The platform folds doctor consultations, metabolic testing, personalised treatment plans, GLP-1 therapies where clinically warranted, nutrition advice, fitness coaching and ongoing monitoring into a single subscription-style model, rather than a one-off prescription and a pat on the back.
Kapoor does not mince words about the shift. “We’re not building a weight-loss company,” he said. “We’re focused on the years when the right intervention is a doctor’s consultation instead of a surgery.” GLP-1 drugs, he added, have “genuinely changed what’s possible” for people with obesity, but a jab alone is not a strategy. “Nobody should be left alone with a strong drug and a printout,” he said, framing MetaGO’s pitch as helping members “stop fighting their biology alone.”
Sheth, MetaGO’s chief executive, is even more expansive about the ambition. India, he argues, has cracked access to healthcare; the next frontier is making it continuous. “Our ambition is to make the standard of care that was previously available only to a privileged few accessible to every Indian who needs it,” he said, betting that diagnostics, digital care and evidence-based therapies will define healthcare’s next decade.

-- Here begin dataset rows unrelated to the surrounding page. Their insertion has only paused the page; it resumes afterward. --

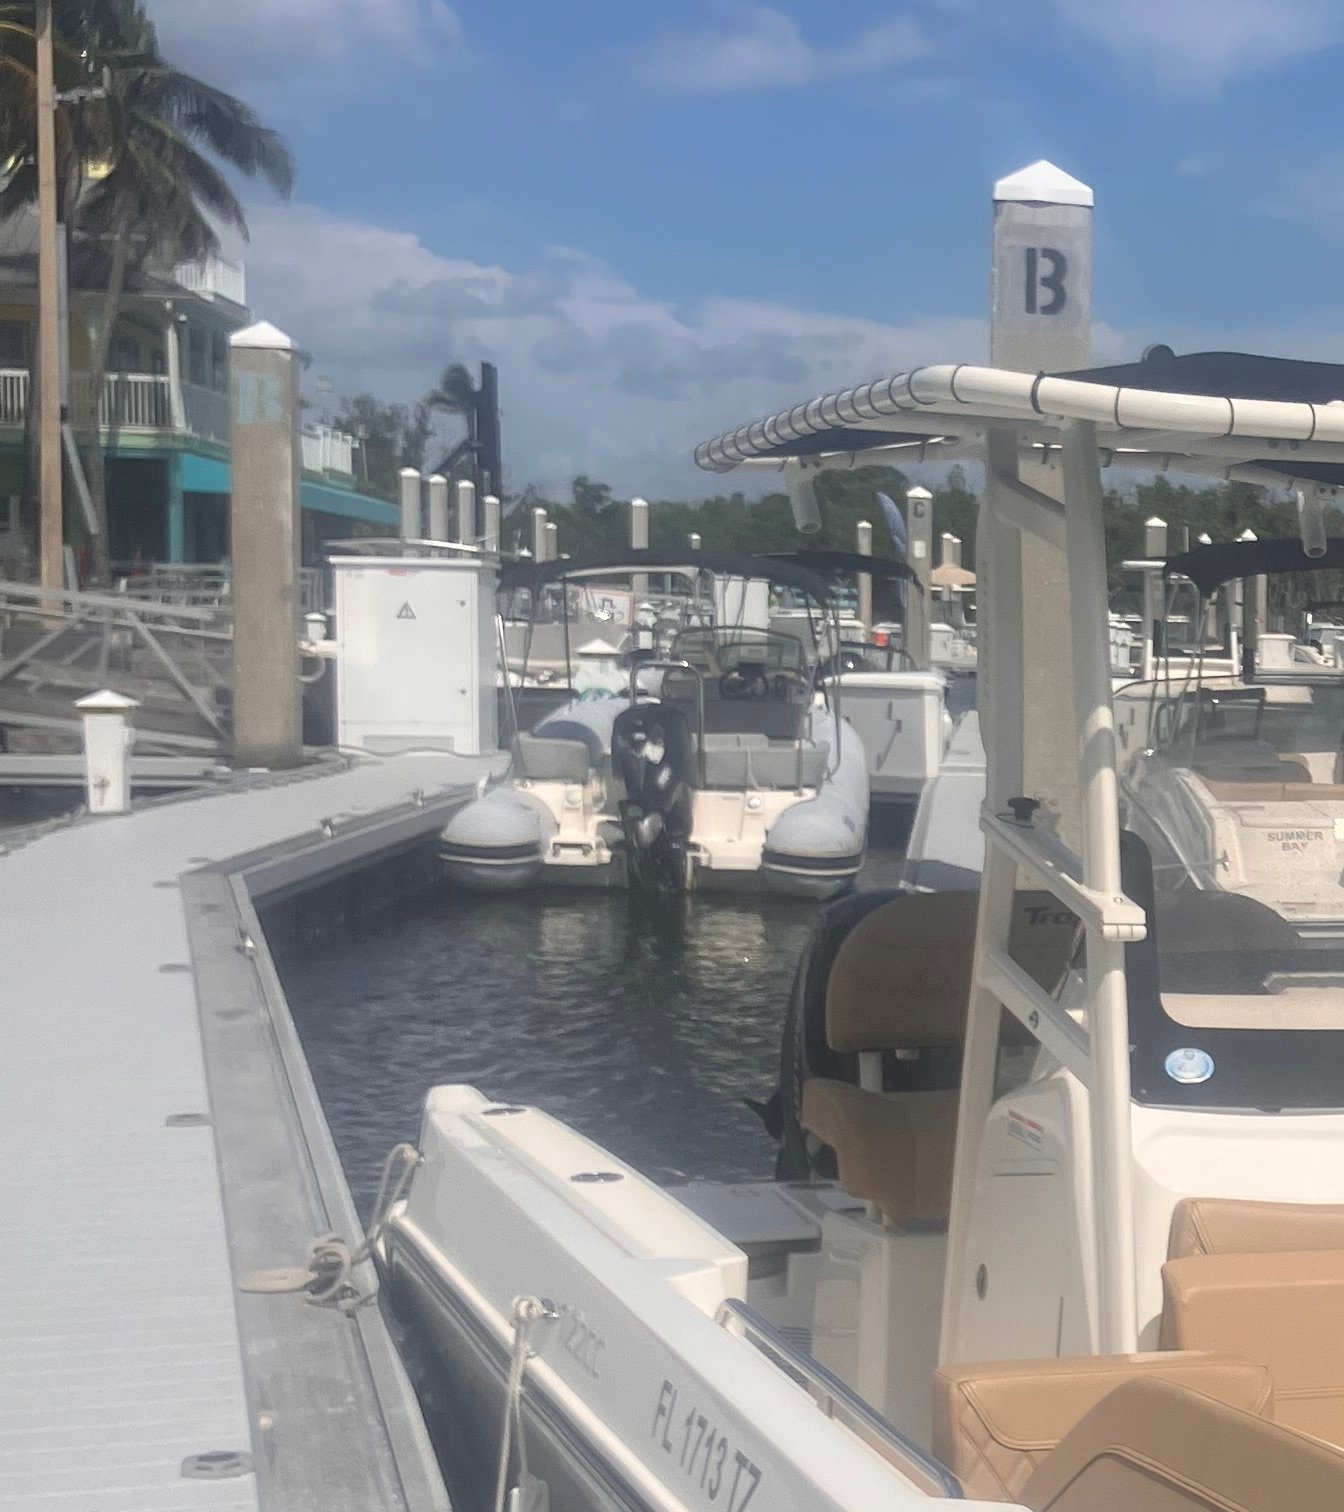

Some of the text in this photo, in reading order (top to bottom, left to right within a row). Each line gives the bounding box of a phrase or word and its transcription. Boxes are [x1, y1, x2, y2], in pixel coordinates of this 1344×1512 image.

[1025, 247, 1067, 316] B
[912, 501, 926, 518] C
[1267, 831, 1323, 841] SUMMER
[1282, 841, 1309, 852] BAY
[652, 1379, 678, 1453] FL
[680, 1406, 728, 1501] 1713

Backing the sales pitch with clinical weight, cardiologist Dr Kaushal Patel, part of MetaGO’s medical advisory board, noted that GLP-1 therapies work best “combined with proper clinical supervision, metabolic monitoring and sustained lifestyle support” rather than dispensed in isolation.

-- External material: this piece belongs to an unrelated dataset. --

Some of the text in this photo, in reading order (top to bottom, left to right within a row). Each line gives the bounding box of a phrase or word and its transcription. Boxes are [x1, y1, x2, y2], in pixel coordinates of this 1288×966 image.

In practice, every member’s journey begins with a metabolic workup spanning more than 35 biomarkers, followed by a bespoke plan drawn up by an endocrinologist, diabetologist, cardiologist or internal medicine specialist. GLP-1 therapy, when appropriate, sits alongside doctor supervision, nutrition coaching and fitness guidance, with regular check-ins replacing the traditional one-and-done consultation. As members progress, the goalposts shift too, from losing weight to keeping it off.
MetaGO has also dipped a toe into corporate wellness, running a free metabolic health camp for the Mumbai police, complete with blood tests and on-the-spot consultations. More such camps for other professional groups are reportedly in the pipeline.
Whether MetaGO can turn a genuinely important public health problem into a durable business remains to be seen. But with GLP-1 drugs reshaping the economics of obesity care worldwide, and India’s metabolic disease burden climbing fast, Kapoor and company are wagering that the smart money is not in treating the crisis, but in beating it to the punch.